Annotated photo localization data

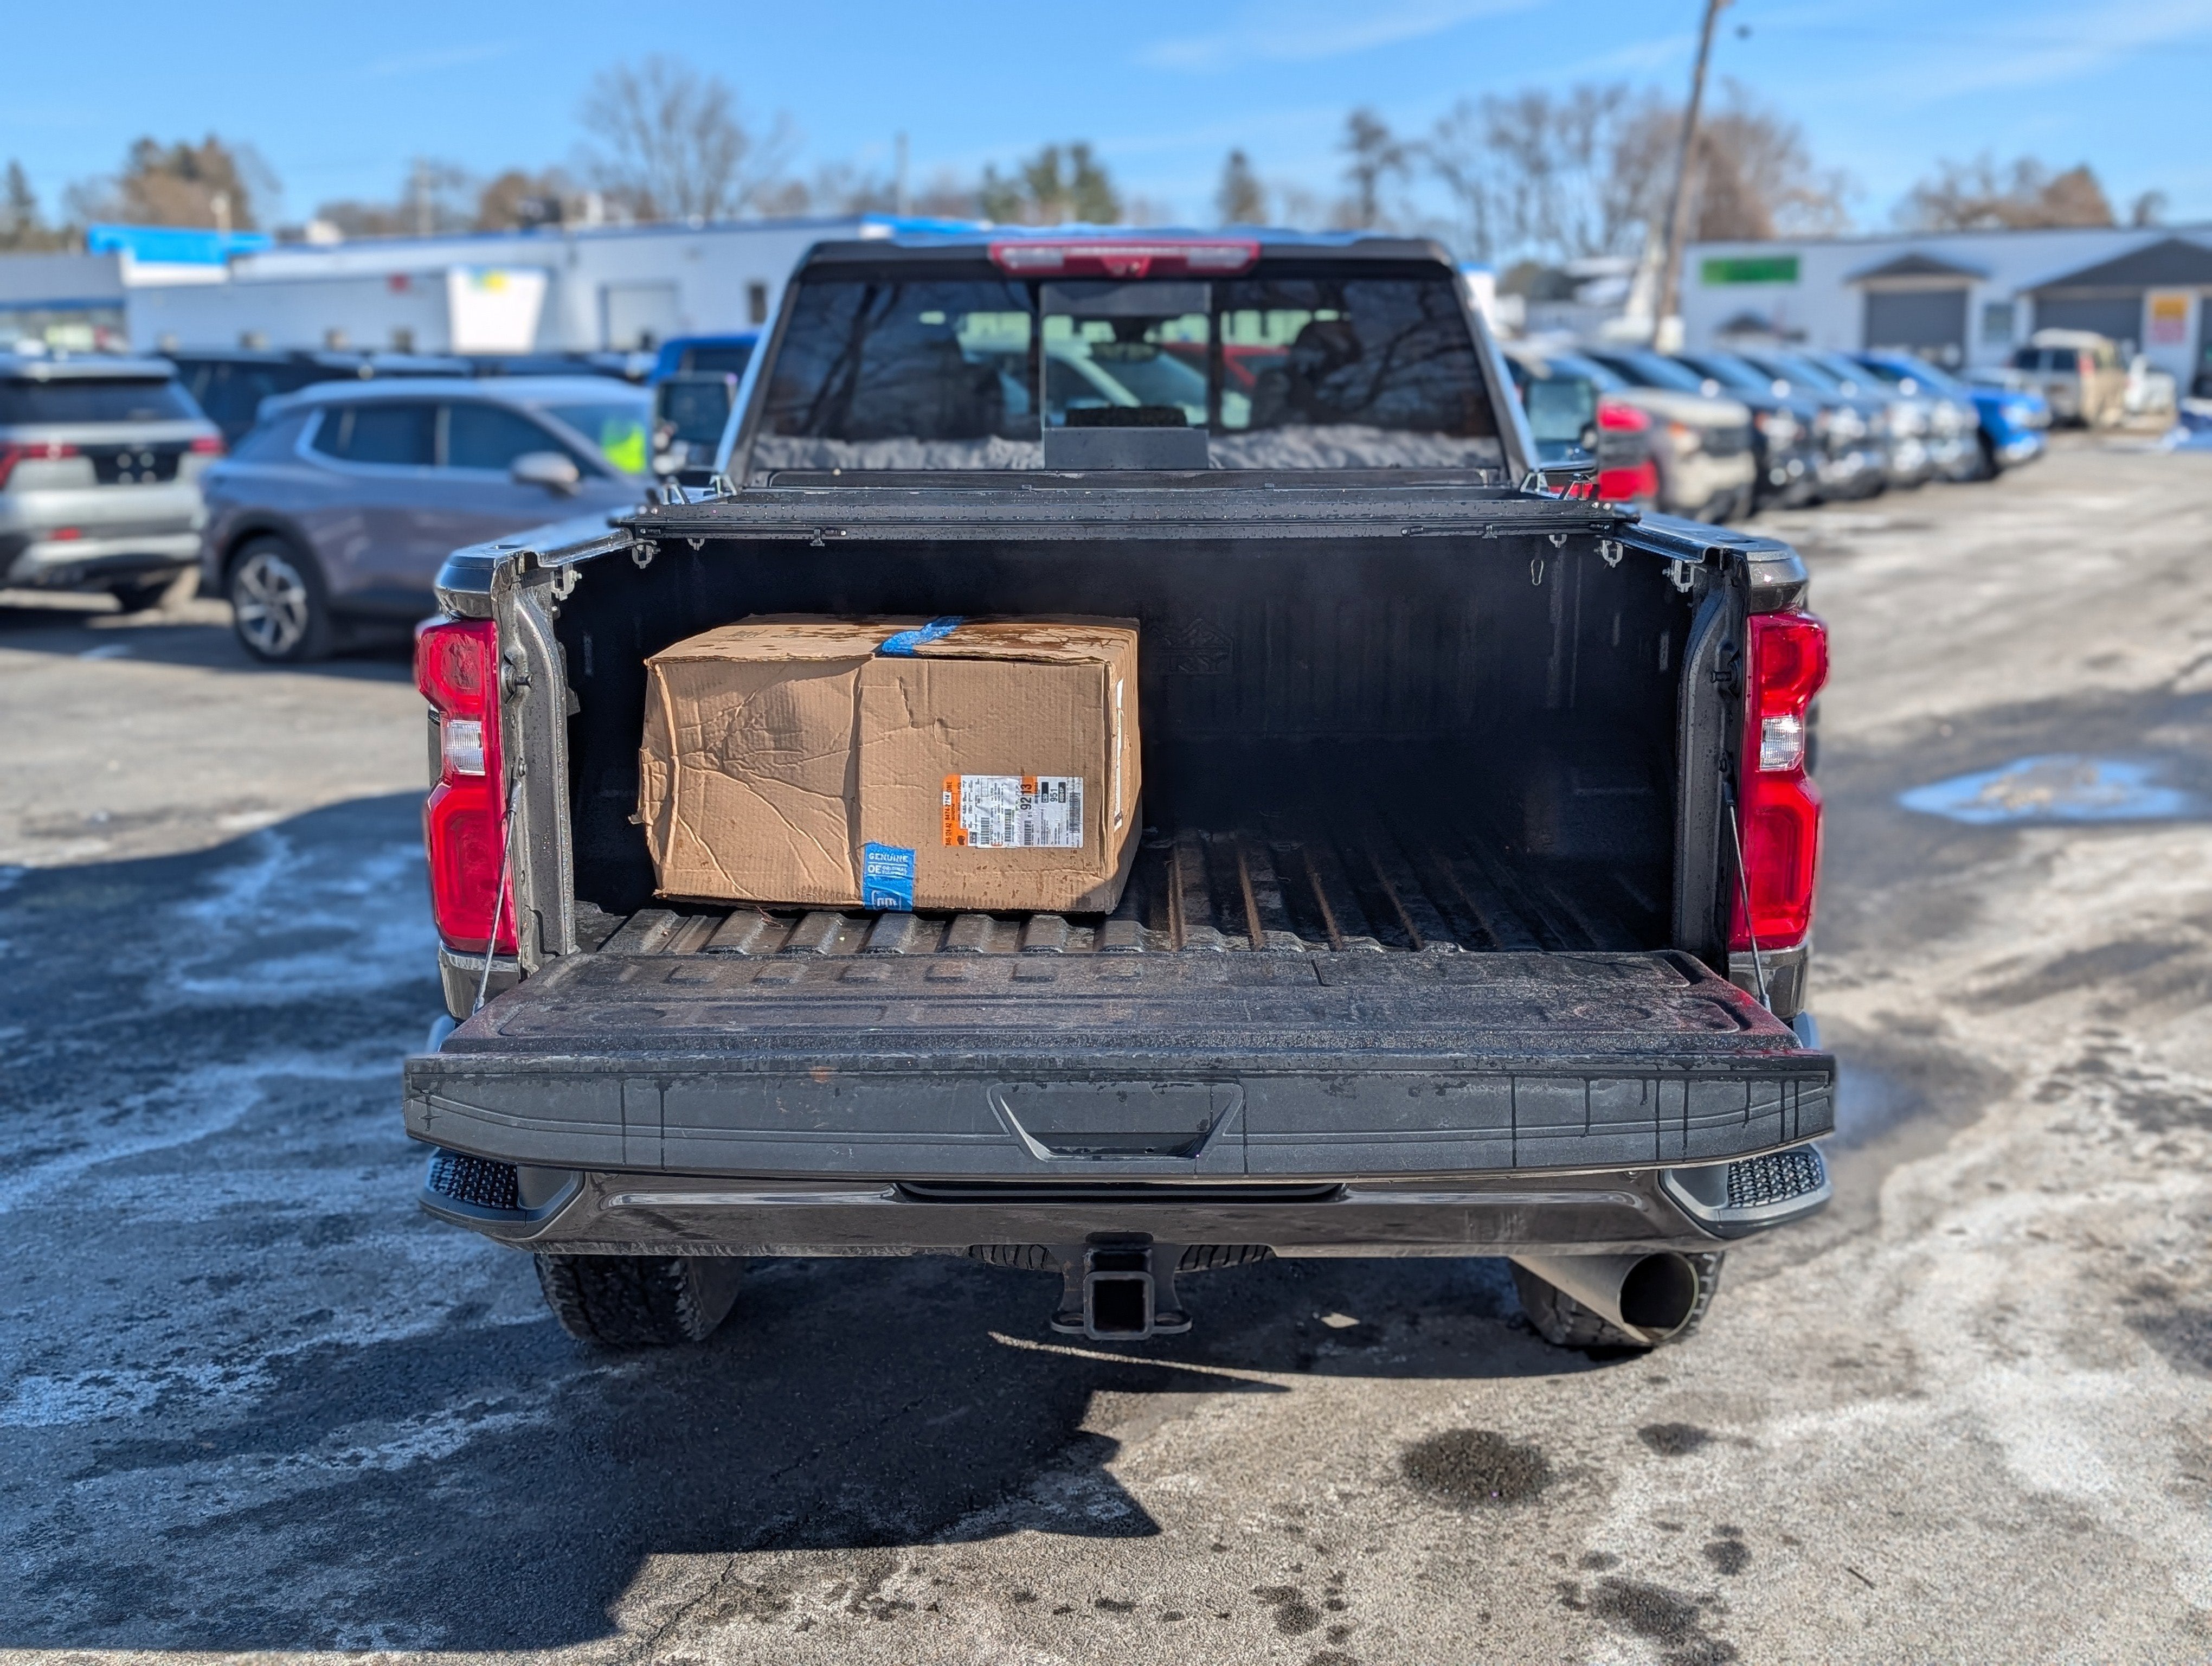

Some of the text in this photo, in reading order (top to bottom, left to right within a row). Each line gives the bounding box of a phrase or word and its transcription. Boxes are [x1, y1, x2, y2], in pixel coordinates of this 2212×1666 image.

[1020, 784, 1032, 795] 13
[1050, 789, 1058, 802] 951
[1020, 797, 1032, 810] 92
[869, 852, 909, 862] GENUINE
[867, 864, 882, 874] OE

EXERCISE — Your answer should be a precise transcript of the entries, minus the pictures.

YOUR SOLUTION —
Some of the text in this photo, in reading order (top to bottom, left to right within a row). Each line gives the bounding box of a phrase or word and its transcription. Boxes are [x1, y1, x2, y2], in pixel coordinates of this 2212×1666 image.

[1020, 784, 1032, 795] 13
[1050, 789, 1058, 802] 951
[1020, 797, 1032, 810] 92
[869, 852, 909, 862] GENUINE
[867, 864, 882, 874] OE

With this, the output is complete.